BRIEF DESCRIPTION OF THE DRAWINGS
[0019] The accompanying drawings are included to provide a further
understanding of the invention, and are incorporated in and
constitute a part of this specification. The drawings illustrate
embodiments of the invention and, together with the description,
serve to explain the principles of the invention.
[0020] FIG. 1 is a schematic view of connectors according to a
conventional transmission interface.
[0021] FIG. 2A is a block diagram of an image transmission
interface according to an embodiment of the present invention.
[0022] FIG. 2B is a flow chart of the image decoding according to
FIG. 2A.
[0023] FIG. 3 is a schematic view illustrating pin correspondence
of a DVI connector and an S_Video connector according to an
embodiment of the present invention.
[0024] FIG. 4 is a schematic view illustrating pin correspondence
of the DVI connector and a composite signal connector according to
another embodiment of the present invention.
[0025] FIG. 5 is a schematic view illustrating pin correspondence
of the DVI connector and a component signal connector according to
still another embodiment of the present invention.
[0026] FIG. 6 is a schematic view illustrating pin correspondence
of the DVI connector and an SCART connector according to yet
another embodiment of the present invention.
DESCRIPTION OF EMBODIMENTS
[0027] It is to be understood that other embodiments may be
utilized and structural changes may be made without departing from
the scope of the present invention.
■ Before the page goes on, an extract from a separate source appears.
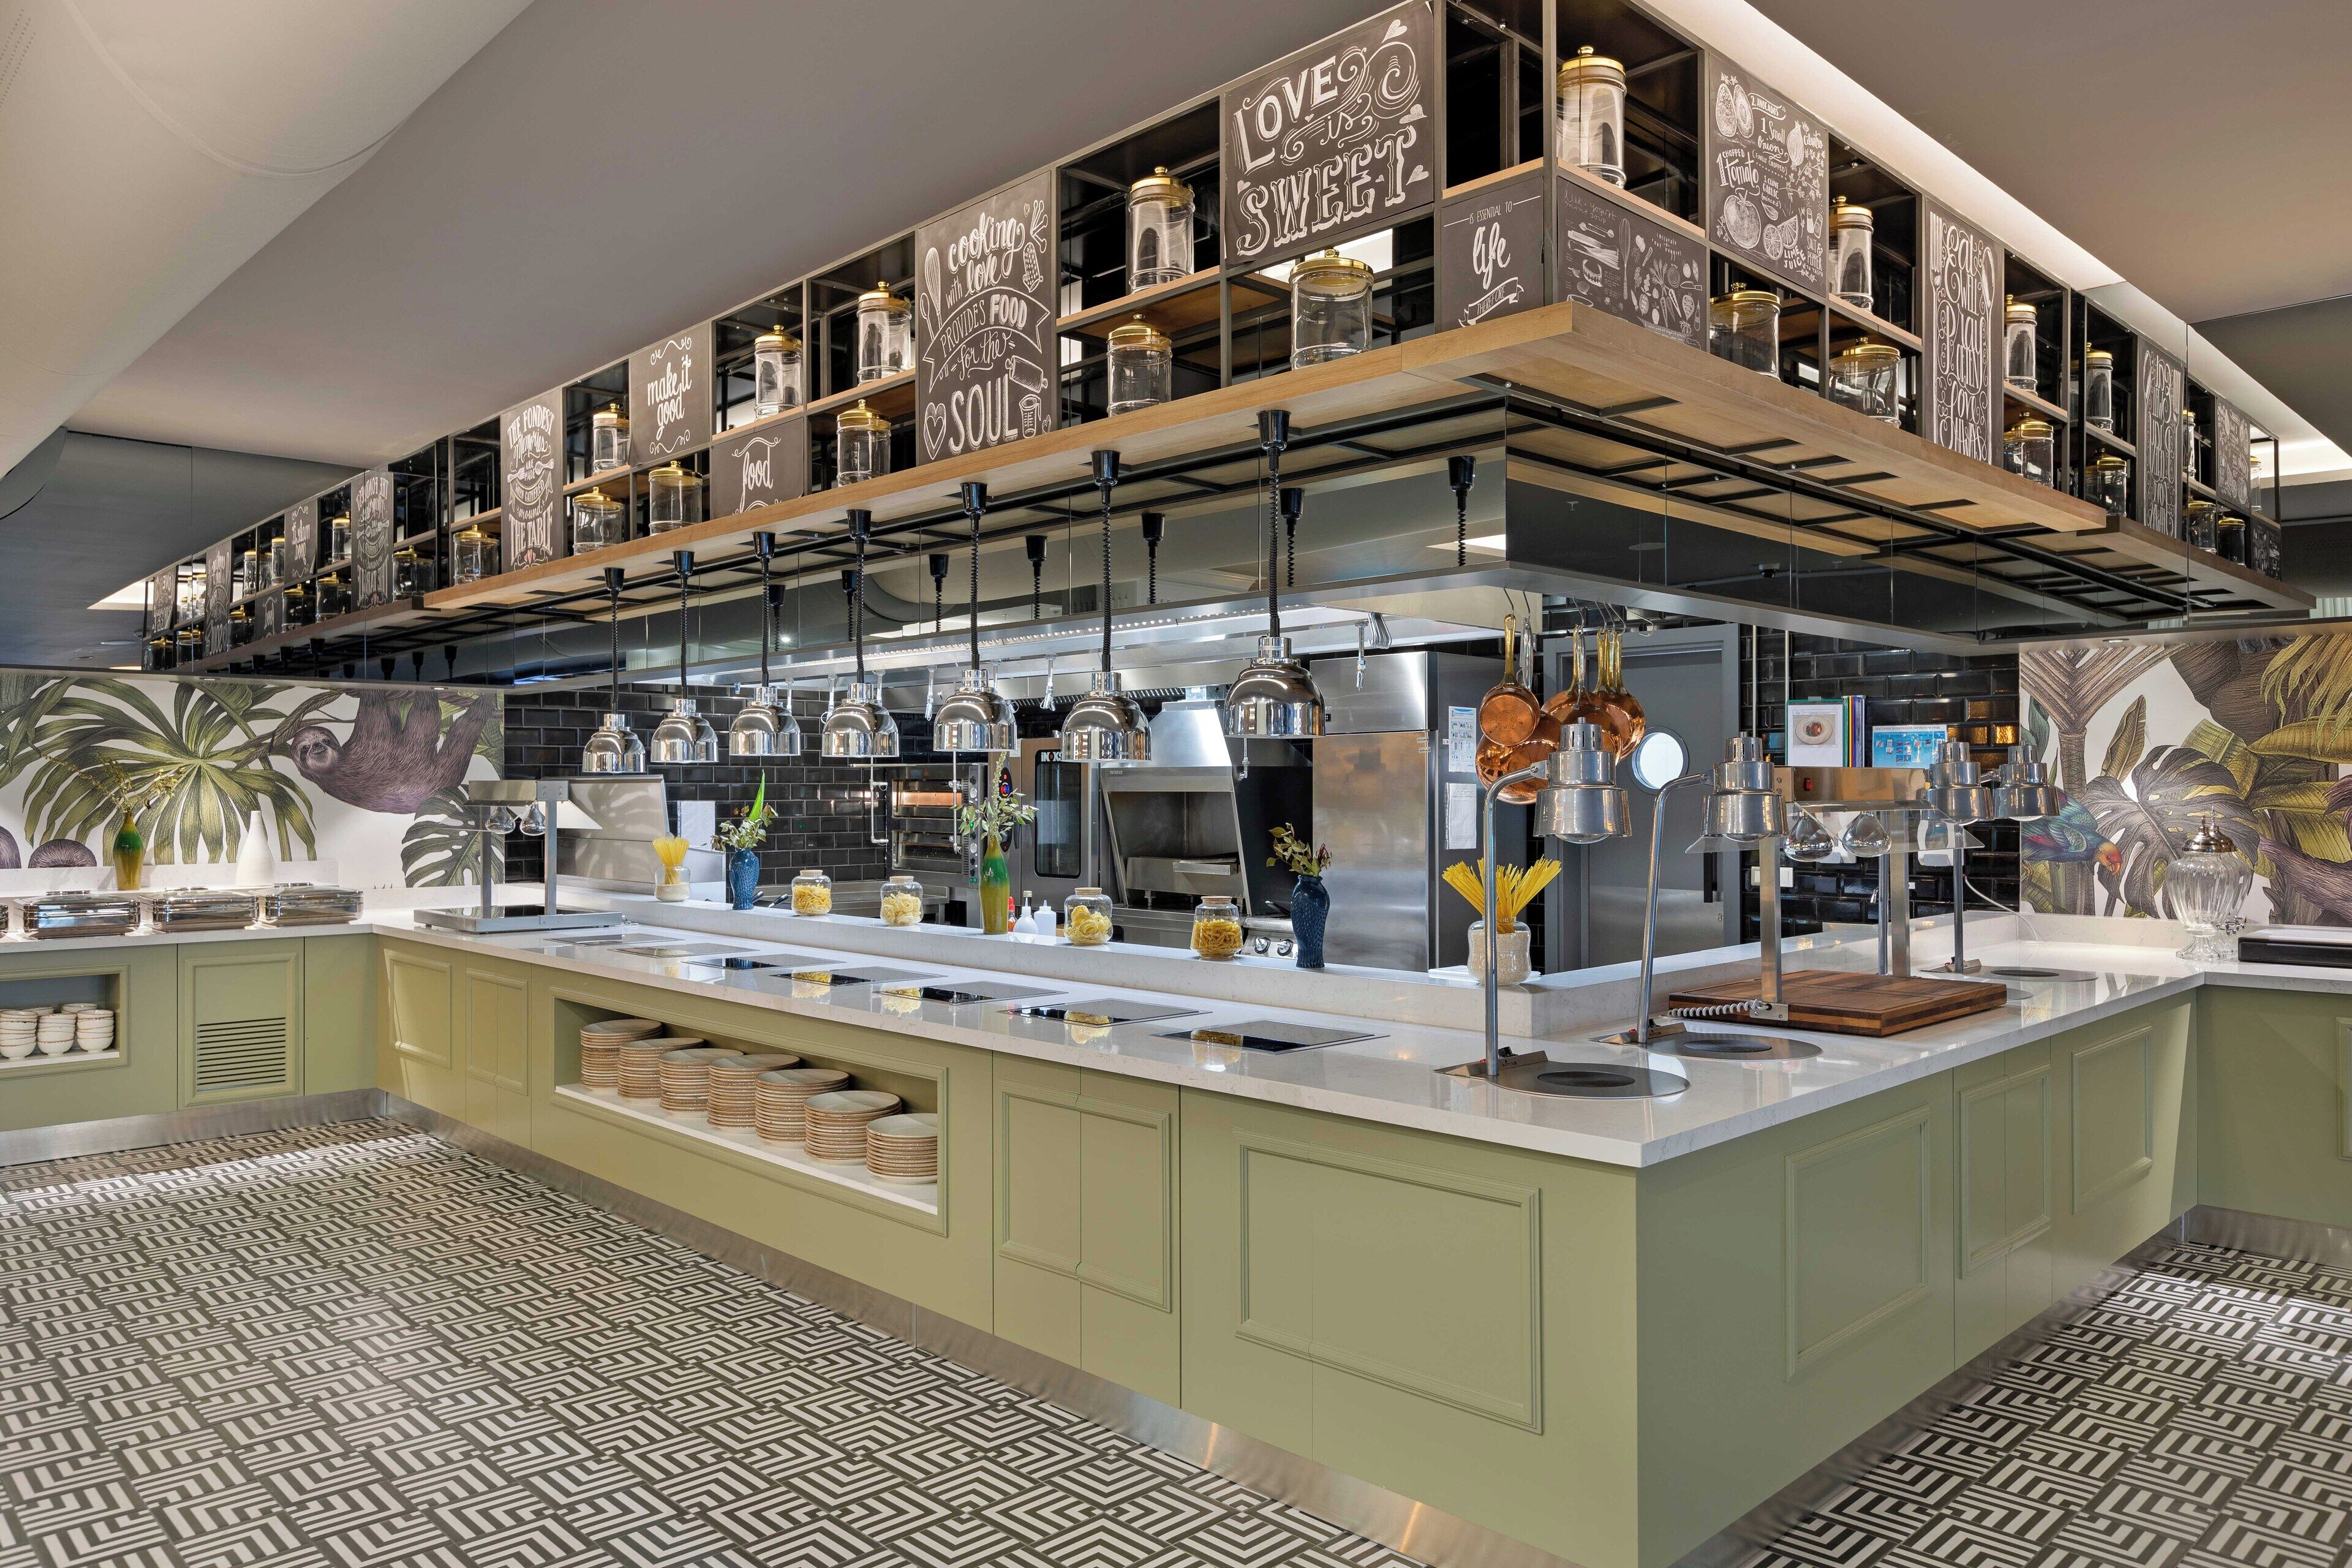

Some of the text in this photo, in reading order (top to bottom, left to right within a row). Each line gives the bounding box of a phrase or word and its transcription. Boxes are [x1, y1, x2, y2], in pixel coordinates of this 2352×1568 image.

Also, it is to be understood
that the phraseology and terminology used herein is for the purpose
of description and should not be regarded as limiting. The use of
"including," "comprising," or "having" and variations thereof
herein is meant to encompass the items listed thereafter and
equivalents thereof as well as additional items. Unless limited
otherwise, the terms "connected," and "coupled," and variations
thereof herein are used broadly and encompass direct and indirect
connections, couplings, and mountings
[0028] FIG. 2A is a block diagram of an image transmission
interface according to an embodiment of the present invention.
Referring to FIG. 2A, the image transmission interface 210 is
adapted for transmitting image signals of various image formats.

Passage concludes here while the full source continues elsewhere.